[Supplied information]:
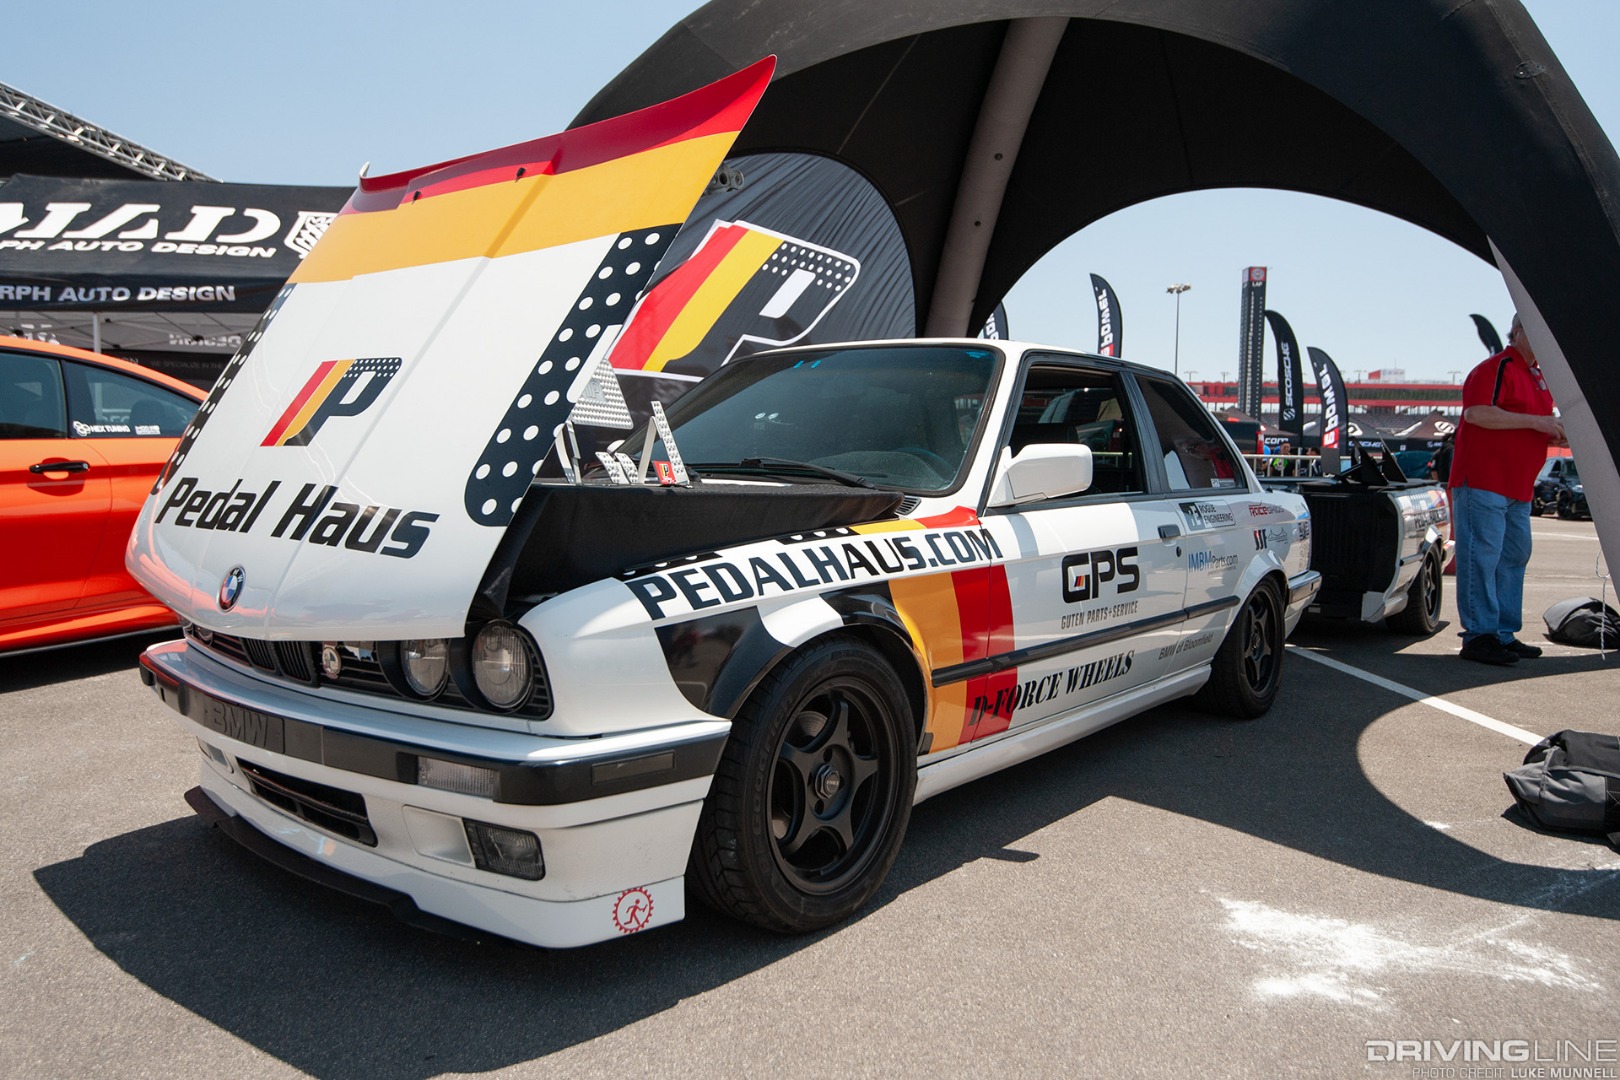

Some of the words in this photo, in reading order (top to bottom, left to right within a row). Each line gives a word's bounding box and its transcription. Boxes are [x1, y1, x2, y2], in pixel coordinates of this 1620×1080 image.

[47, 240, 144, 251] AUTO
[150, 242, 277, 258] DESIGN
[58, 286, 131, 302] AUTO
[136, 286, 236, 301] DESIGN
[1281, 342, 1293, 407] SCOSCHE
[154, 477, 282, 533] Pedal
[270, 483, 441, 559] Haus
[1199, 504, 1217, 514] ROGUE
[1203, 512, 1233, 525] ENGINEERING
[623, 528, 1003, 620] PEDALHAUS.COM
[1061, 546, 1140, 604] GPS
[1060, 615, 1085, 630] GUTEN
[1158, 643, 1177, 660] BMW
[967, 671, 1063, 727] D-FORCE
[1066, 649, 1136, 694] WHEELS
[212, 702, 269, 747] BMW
...
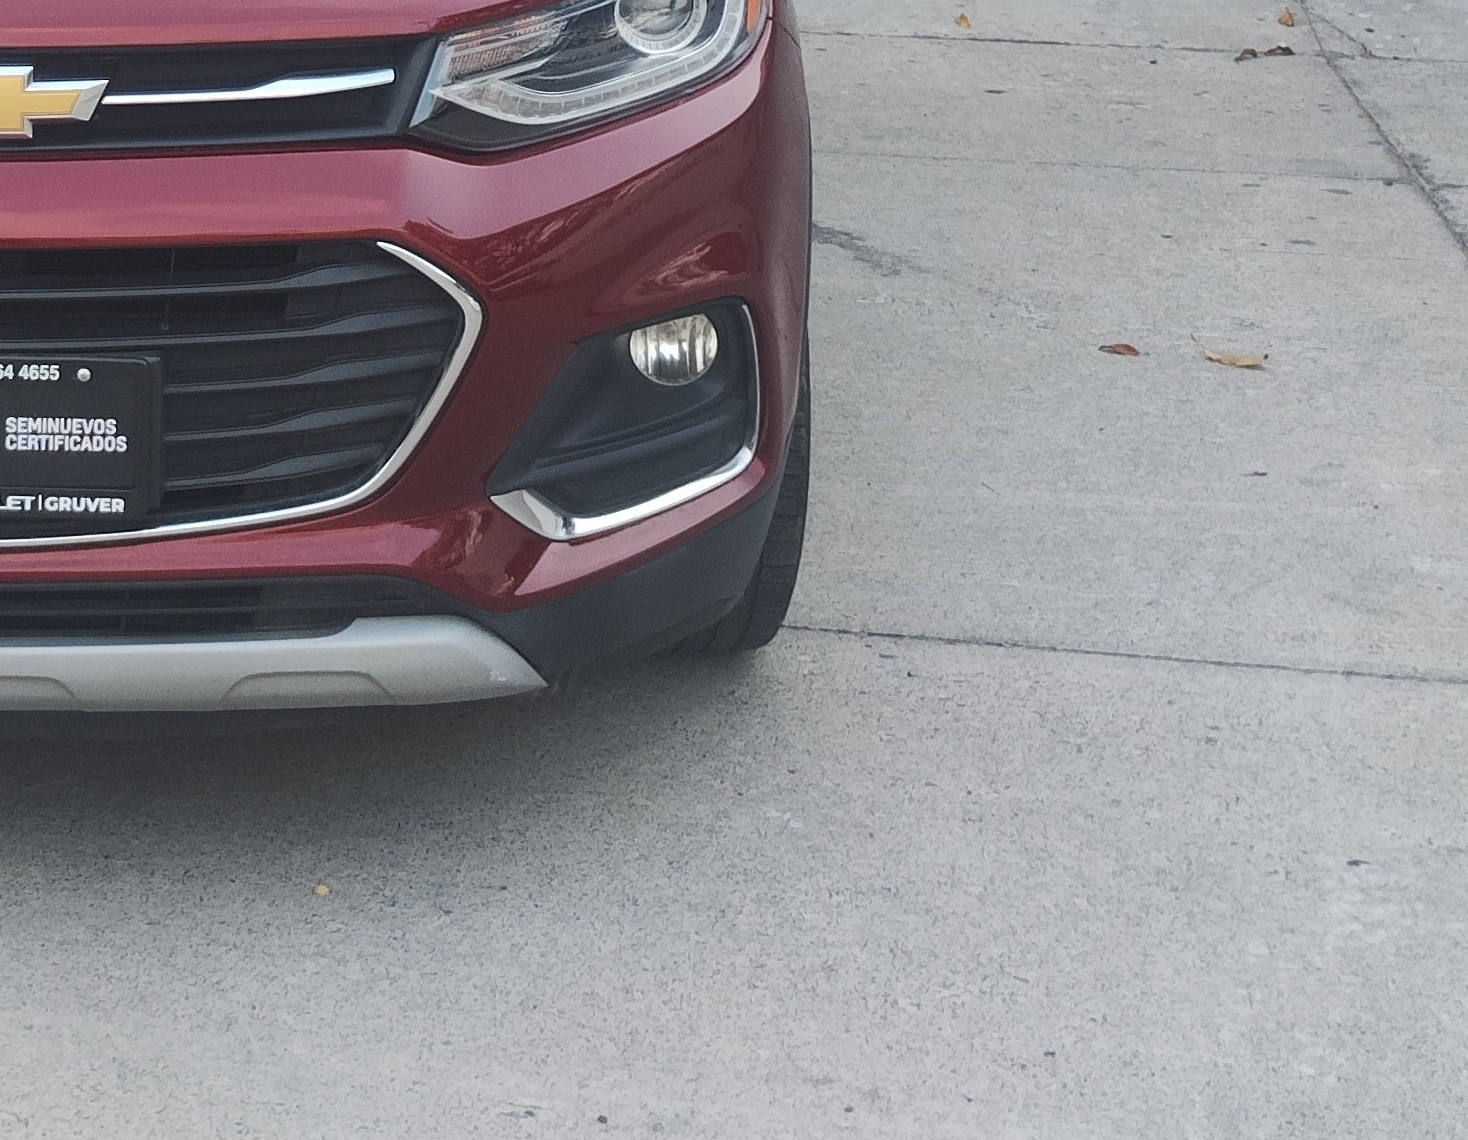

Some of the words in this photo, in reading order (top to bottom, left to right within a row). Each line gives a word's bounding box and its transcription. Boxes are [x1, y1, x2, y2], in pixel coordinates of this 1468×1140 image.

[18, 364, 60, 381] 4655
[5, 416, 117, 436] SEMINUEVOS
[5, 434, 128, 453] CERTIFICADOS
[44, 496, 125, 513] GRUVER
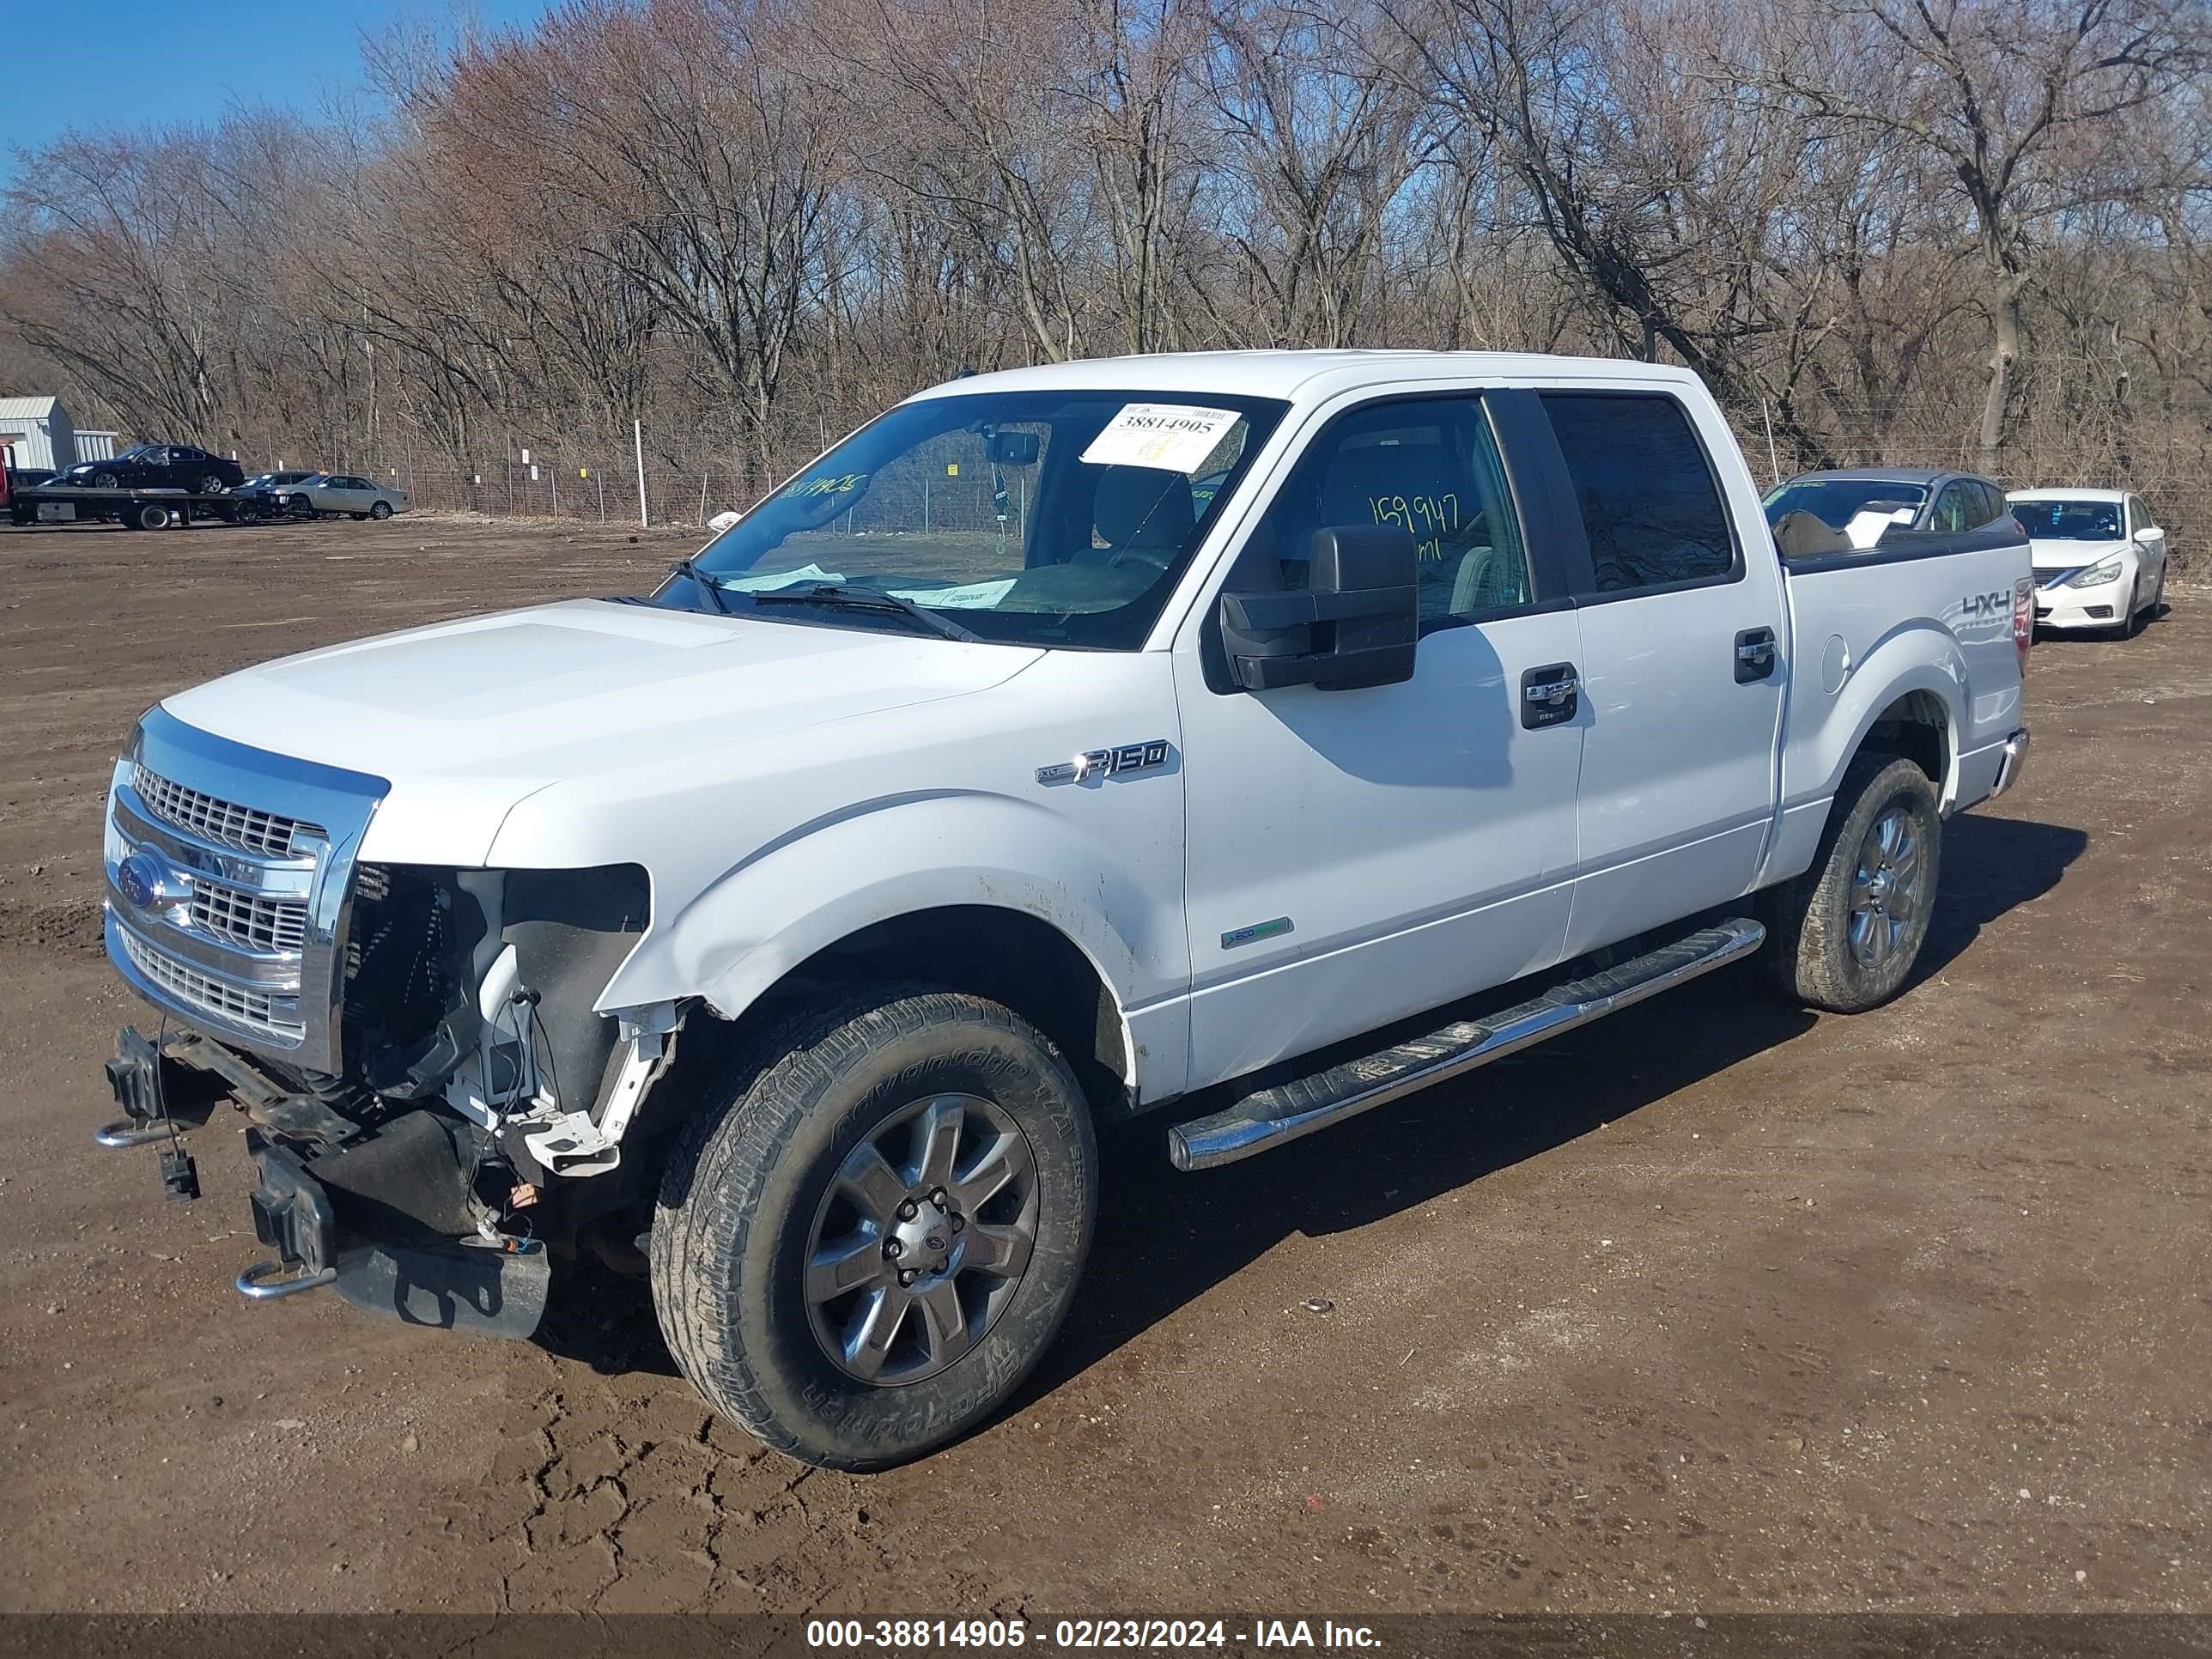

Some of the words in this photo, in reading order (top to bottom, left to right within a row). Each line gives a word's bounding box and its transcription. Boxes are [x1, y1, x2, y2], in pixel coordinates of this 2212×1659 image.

[Exercise prompt]:
Within the material above, find the part that opens with the line containing "this 1468×1140 image." and closes with the line containing "this 2212×1659 image.", and reproduce it exactly without the pictures.

[Output of the exercise]:
Some of the words in this photo, in reading order (top to bottom, left to right within a row). Each line gives a word's bounding box and its transcription. Boxes are [x1, y1, x2, y2], in pixel coordinates of this 1468×1140 image.

[18, 364, 60, 381] 4655
[5, 416, 117, 436] SEMINUEVOS
[5, 434, 128, 453] CERTIFICADOS
[44, 496, 125, 513] GRUVER

Some of the words in this photo, in reading order (top to bottom, left to right within a row). Each line gives a word's bounding box and its transcription. Boxes are [x1, y1, x2, y2], in pixel coordinates of this 2212×1659 image.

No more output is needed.